Ahora, varios meses después tengo la certeza de que las 16 horas de trabajo de parto que pasé sola en mi casa -acompañada de Agustín, pero no del equipo con quien elegimos parir- no me ayudaron demasiado. En el momento no supe detectar esa necesidad de ayuda, de compañía, y por lo tanto no lo pude pedir.

En el curso de pre parto se repetía mucho una frase: – “uno pare como es”, esa proclama teñía cada encuentro.

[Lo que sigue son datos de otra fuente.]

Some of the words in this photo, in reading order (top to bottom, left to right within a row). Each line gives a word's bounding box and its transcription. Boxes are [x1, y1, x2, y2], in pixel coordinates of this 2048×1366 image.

A mí, esa idea me perturbaba, porque muchas veces, uno es esa suma de lo que cree que es, más lo que desconoce que puede ser, más el misterio de la vida y la mirada de los otros. Entonces, me era difícil pensar quién era y por lo tanto cómo iba a ser mi parto. Había armado un escenario que consideraba respondía a lo que para mí era importante, la casa estaba hermosa y ordenada, había comprado velas, tenía esencias que perfumaban el ambiente, una pelota, un arnés para colgarme y así una serie de cosas que yo creí que eran el reflejo de lo que yo era y por ende cómo sería mi parto: un parto sereno, con luz tenue de velas blancas, perfumado y armónico.

Y no, en realidad, la experiencia de parir, fue una enorme oportunidad para conocerme y reconocer mis deseos, mis miedos, mis límites y mi potencia.

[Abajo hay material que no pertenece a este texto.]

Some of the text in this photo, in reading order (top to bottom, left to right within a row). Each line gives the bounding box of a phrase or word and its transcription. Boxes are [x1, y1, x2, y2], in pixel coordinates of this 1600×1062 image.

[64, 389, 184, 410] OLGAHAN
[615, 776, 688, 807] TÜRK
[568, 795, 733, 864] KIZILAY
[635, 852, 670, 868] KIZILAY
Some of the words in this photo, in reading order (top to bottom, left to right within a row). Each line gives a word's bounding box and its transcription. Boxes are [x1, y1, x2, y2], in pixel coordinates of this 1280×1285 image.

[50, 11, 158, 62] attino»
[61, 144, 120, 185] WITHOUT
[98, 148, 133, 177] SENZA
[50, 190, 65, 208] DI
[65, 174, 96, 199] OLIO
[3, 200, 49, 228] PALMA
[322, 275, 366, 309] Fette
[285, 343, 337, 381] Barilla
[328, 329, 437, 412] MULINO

A las diez de la noche, cuando el equipo completo vino a visitarnos nuevamente, yo ya no daba más del dolor, seguía con 4 de dilatación, y llevaba casi 48 horas sin dormir. Las velas, el perfume, el orden, y toda esa escenografía que creí importantes realmente no lo eran. Entendí que el parto para mí, tenía otro ritmo, otro color, otra imagen a esa que había imaginado y recreado una y mil veces.

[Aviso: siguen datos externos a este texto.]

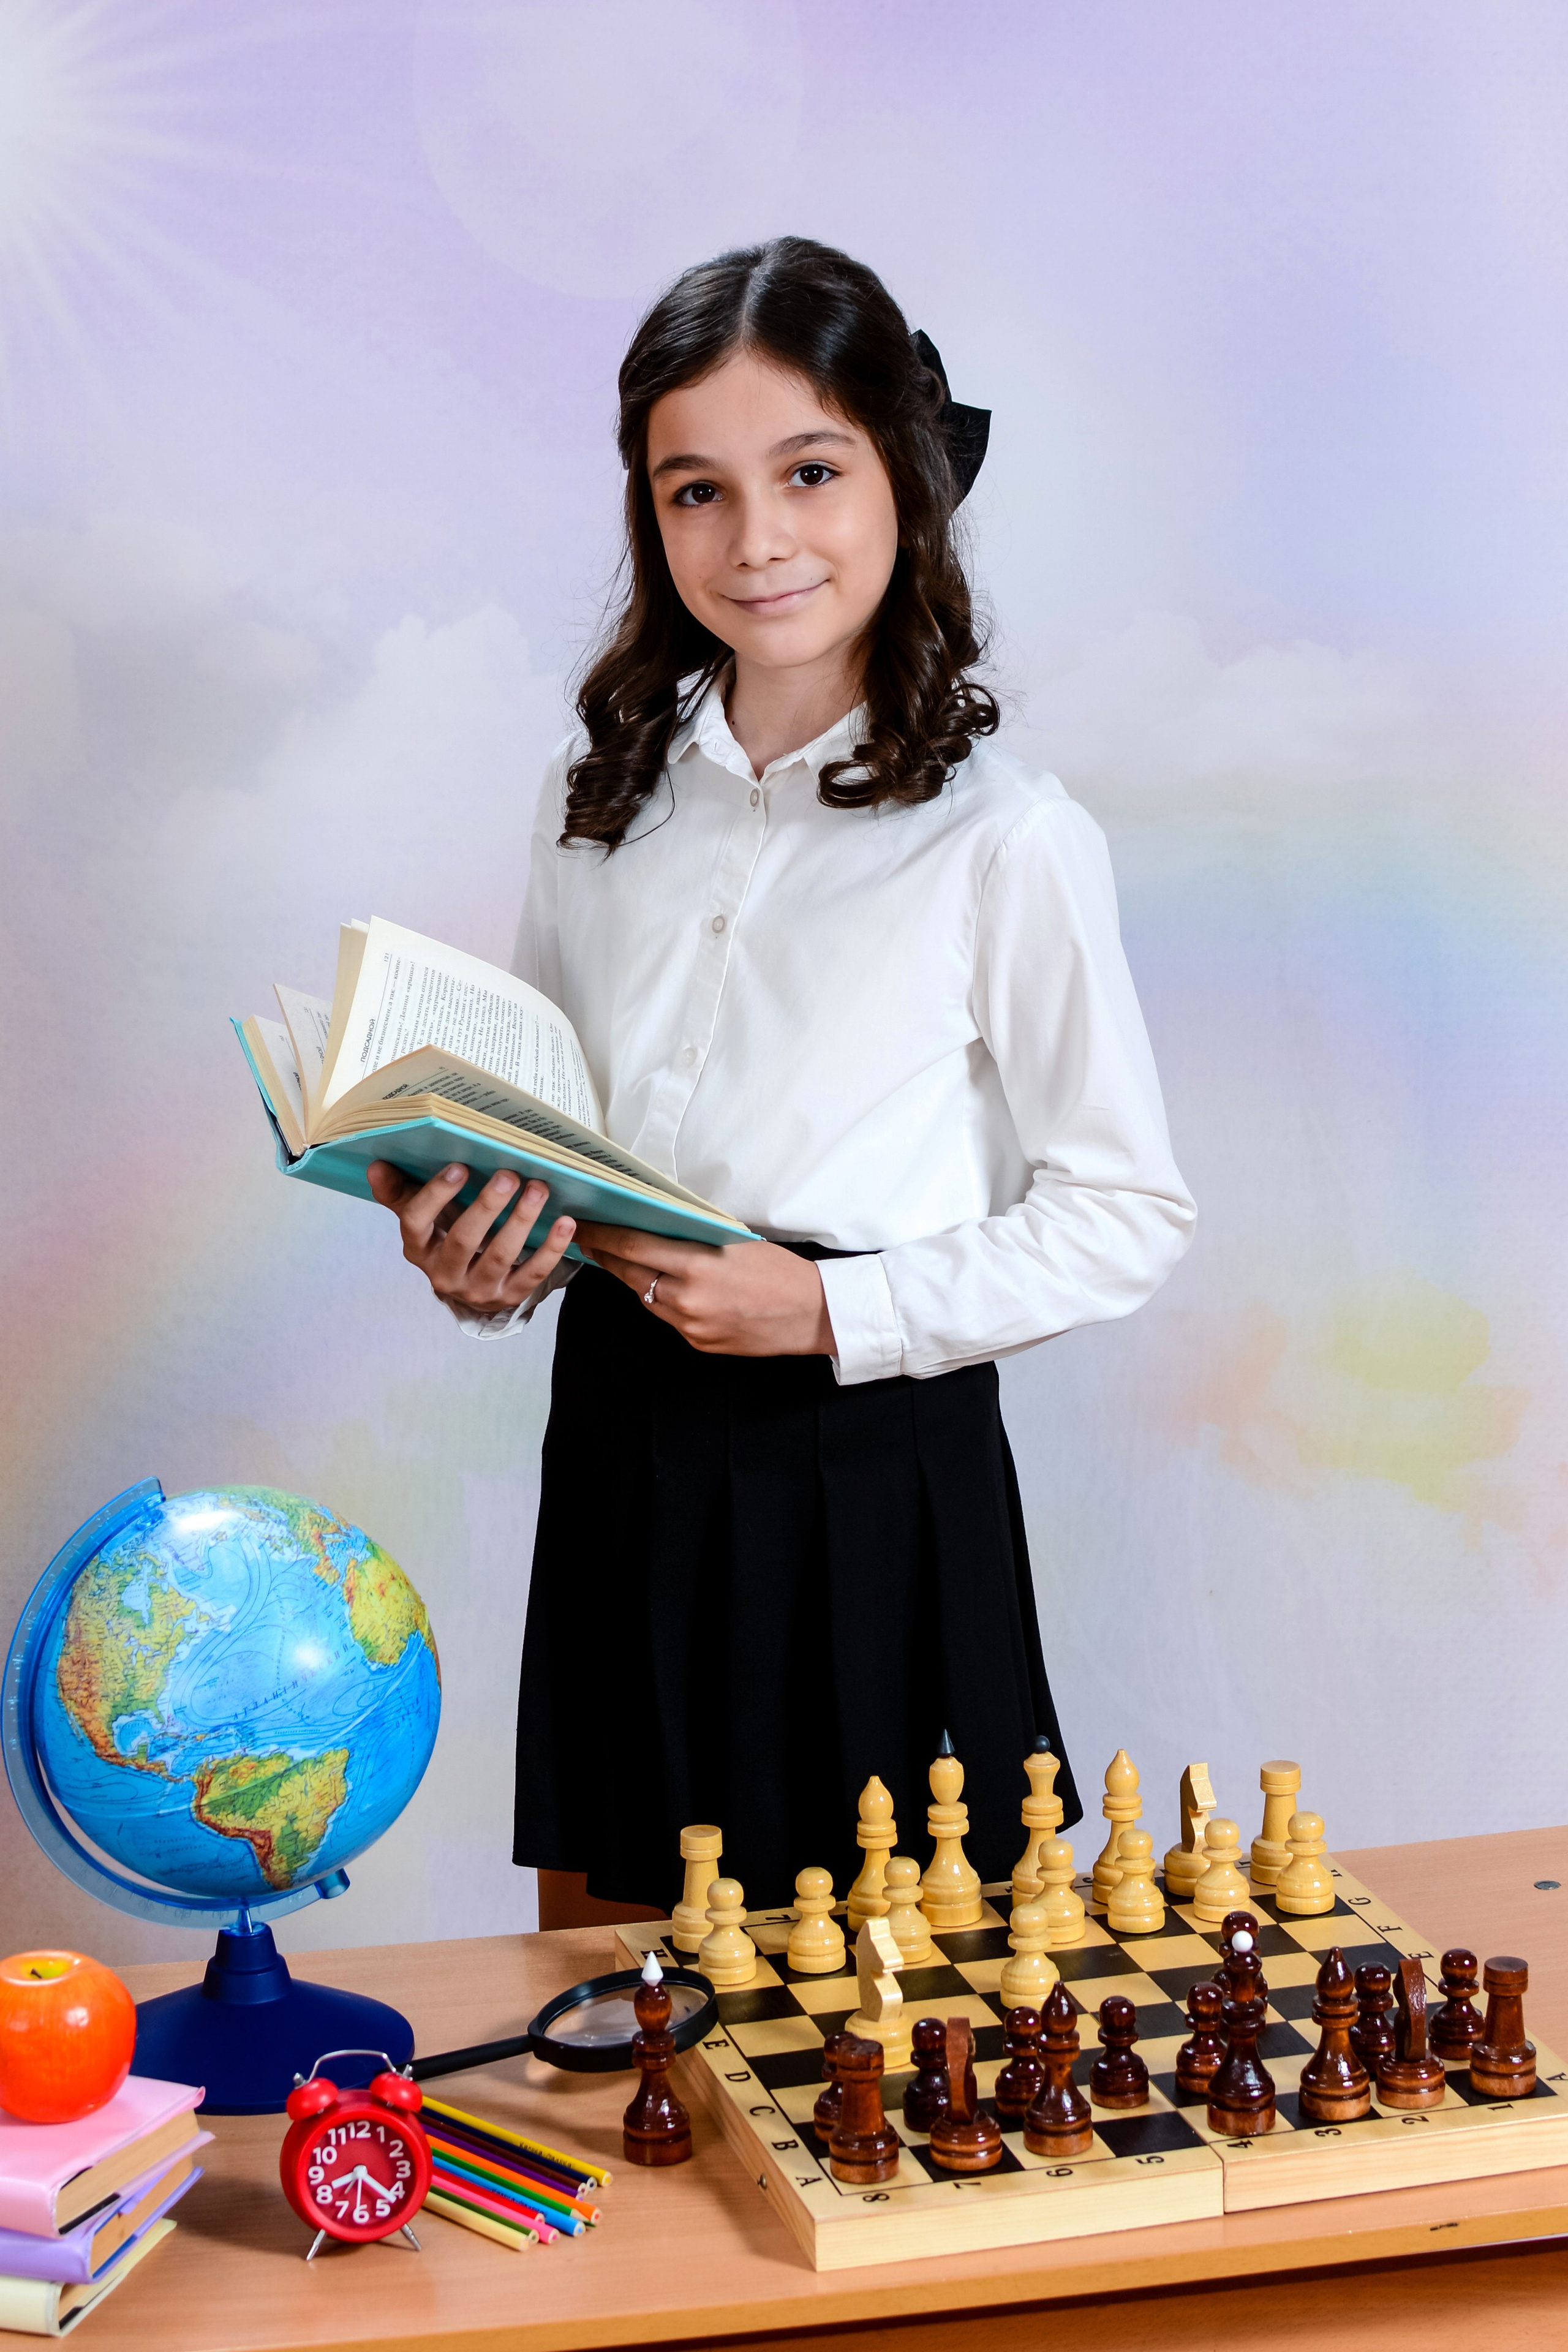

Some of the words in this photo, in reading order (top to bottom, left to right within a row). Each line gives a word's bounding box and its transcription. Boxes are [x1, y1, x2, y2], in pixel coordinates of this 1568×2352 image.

[426, 969, 435, 1005] процентов
[440, 975, 449, 1001] Короче,
[469, 984, 475, 995] Но
[452, 1017, 457, 1025] не
[477, 1026, 484, 1036] Не
[482, 989, 488, 1002] Мы
[378, 1007, 391, 1045] бизнесмен,
[360, 1018, 375, 1063] ПОДСАДНОЙ
[376, 1046, 382, 1054] не
[1348, 1897, 1371, 1905] G
[1408, 1951, 1434, 1959] E
[702, 2039, 729, 2049] E
[725, 2070, 751, 2082] D
[749, 2106, 776, 2116] C
[328, 2128, 346, 2146] 11
[347, 2120, 371, 2139] 12
[376, 2125, 385, 2143] 1
[389, 2139, 404, 2158] 2
[771, 2139, 799, 2150] B
[862, 2193, 890, 2203] 8
[1136, 2155, 1164, 2165] 5
[1227, 2139, 1253, 2149] 4
[1314, 2127, 1342, 2138] 3
[1401, 2115, 1430, 2125] 2
[1487, 2103, 1513, 2112] 1
[312, 2146, 337, 2165] 10
[308, 2166, 325, 2185] 9
[396, 2160, 411, 2179] 3
[388, 2180, 405, 2199] 4
[796, 2176, 823, 2187] A
[316, 2185, 333, 2204] 8
[335, 2200, 349, 2219] 7
[353, 2204, 370, 2224] 6
[375, 2198, 391, 2217] 5

Unos días antes del parto, fuimos a una cena con mucha gente en casa de amigos. Cuando nos fuimos y nos despedimos, toda esa gente, como una hinchada de barras bravas desbocada, celebraba la inminencia del parto y gritaba con el puño cerrado en alto: A parir, A parir, A parir!

Salí de ahí tremendamente emocionada y con una fuerza en el cuerpo que resonaba en el pecho con un pulso fuerte y rotundo. Como cuando uno está en un lugar pequeño con la música muy alta y puede sentir como resuena el sonido en los huesos.

Eso era para mí parir. El puño en alto, la fuerza de la vida que impacta certera, potente e incluso un poco violenta- pero de esa violencia buena, de la que hace que las cosas se muevan y se transformen, esa violencia que en realidad es la manera de nombrar mucha fuerza contenida que, llegado un momento, explota para transformarse en algo nuevo.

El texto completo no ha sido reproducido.